Stored data entries:
..........
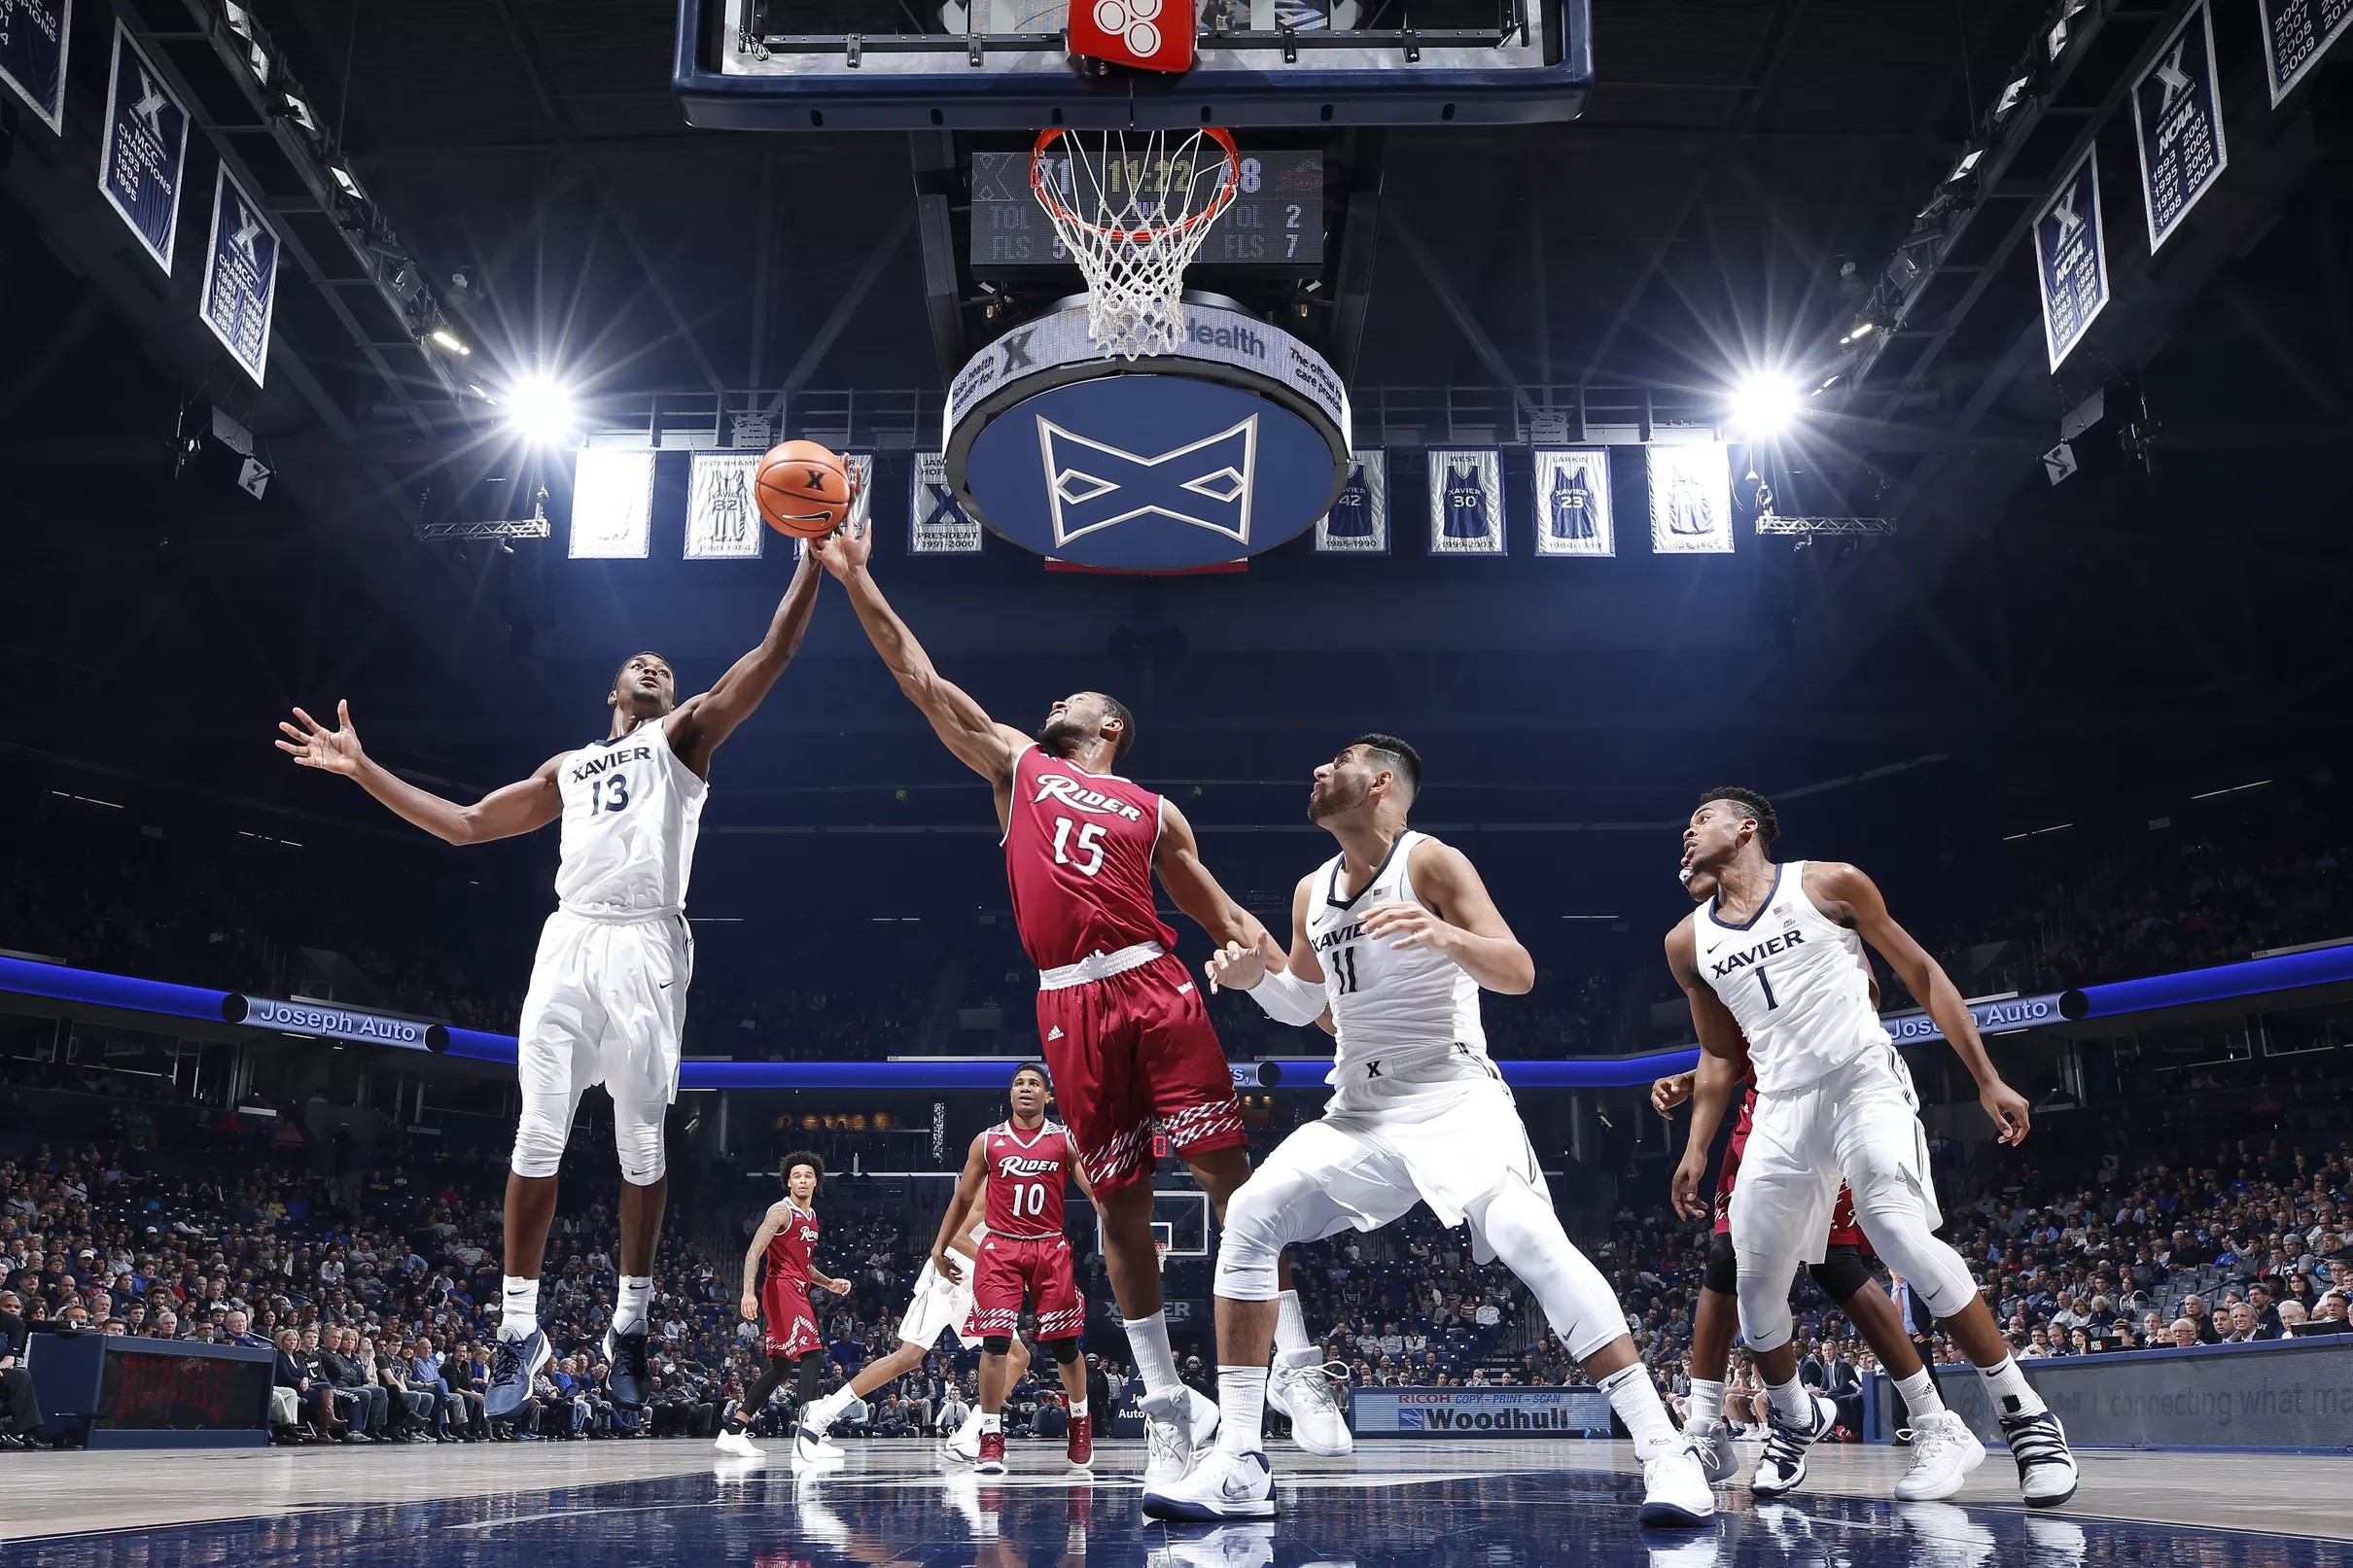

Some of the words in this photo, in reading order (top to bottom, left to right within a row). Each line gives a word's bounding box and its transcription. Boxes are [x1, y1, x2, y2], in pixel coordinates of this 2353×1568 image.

[20, 0, 56, 43] PIONS
[2275, 0, 2304, 33] 200
[2277, 1, 2309, 49] 2007
[2279, 19, 2313, 64] 2008
[2281, 36, 2315, 80] 2009
[2154, 39, 2191, 117] X
[133, 65, 168, 144] X
[2169, 82, 2196, 119] BASKETBALL
[134, 128, 158, 165] MCC
[2153, 149, 2176, 183] 1993
[2183, 111, 2205, 147] 2001
[2159, 99, 2195, 157] NCAA
[117, 154, 139, 188] 1994
[118, 138, 140, 173] 1993
[119, 122, 171, 195] CHAMPIONS
[2154, 163, 2178, 197] 1995
[2184, 124, 2209, 162] 2002
[116, 168, 137, 202] 1995
[1108, 159, 1191, 192] 11:22
[2156, 178, 2180, 213] 1997
[2186, 140, 2211, 178] 2003
[2159, 193, 2182, 227] 1998
[2188, 154, 2214, 193] 2004
[231, 195, 263, 265] X
[990, 205, 1030, 229] TOL
[1286, 204, 1301, 228] 2
[2052, 182, 2083, 252] X
[992, 235, 1030, 260] FLS
[1052, 235, 1067, 260] 5
[1225, 234, 1264, 259] FLS
[1285, 233, 1300, 259] 7
[2055, 238, 2084, 287] NCAA
[219, 253, 263, 315] CHAMPIONS
[233, 258, 254, 289] MCC
[2052, 282, 2069, 309] 1961
[2075, 248, 2094, 279] 1988
[2053, 295, 2072, 323] 1983
[2076, 261, 2095, 292] 1989
[216, 281, 236, 310] 1983
[242, 313, 261, 340] 1989
[218, 267, 236, 296] 1981
[243, 299, 262, 328] 1988
[2054, 310, 2074, 336] 1986
[2078, 277, 2096, 306] 1990
[212, 308, 232, 336] 1987
[237, 339, 257, 366] 1991
[214, 295, 234, 323] 1986
[240, 326, 259, 353] 1990
[2056, 323, 2075, 350] 1987
[2080, 291, 2097, 319] 1991
[1001, 327, 1037, 380] X
[1289, 346, 1309, 367] The
[1295, 367, 1317, 388] care
[805, 469, 827, 493] X
[1338, 494, 1362, 506] 42
[1448, 487, 1482, 496] XAVIER
[1555, 488, 1590, 498] XAVIER
[1454, 496, 1477, 508] 30
[1561, 496, 1585, 509] 23
[1441, 540, 1494, 549] 1999-2003
[572, 747, 651, 784] XAVIER
[591, 774, 629, 817] 13
[1053, 816, 1108, 877] 15
[1311, 921, 1367, 953] XAVIE
[1710, 929, 1806, 980] XAVIER
[1331, 946, 1357, 995] 11
[1755, 965, 1779, 1012] 1
[260, 1001, 353, 1034] Joseph
[358, 1016, 418, 1042] Auto
[1985, 999, 2049, 1026] Auto
[1366, 1060, 1385, 1079] X
[998, 1154, 1060, 1179] RIDER
[1012, 1182, 1046, 1217] 10
[1104, 1301, 1191, 1317] XER
[2090, 1340, 2102, 1351] POSS
[1118, 1409, 1145, 1419] Auto
[1398, 1394, 1451, 1404] RICOH
[1455, 1394, 1483, 1405] COPY
[1493, 1394, 1523, 1404] PRINT
[1532, 1394, 1562, 1404] SCAN
[2110, 1381, 2232, 1427] connecting
[2238, 1376, 2303, 1416] what
[1425, 1408, 1569, 1431] Woodhull
..........
* [PROBLEM TO WORK ON] Which lines of the data include the word "CHAMPIONS"? Copy each one.

* [RESPONSE FOR THIS EXERCISE]
[119, 122, 171, 195] CHAMPIONS
[219, 253, 263, 315] CHAMPIONS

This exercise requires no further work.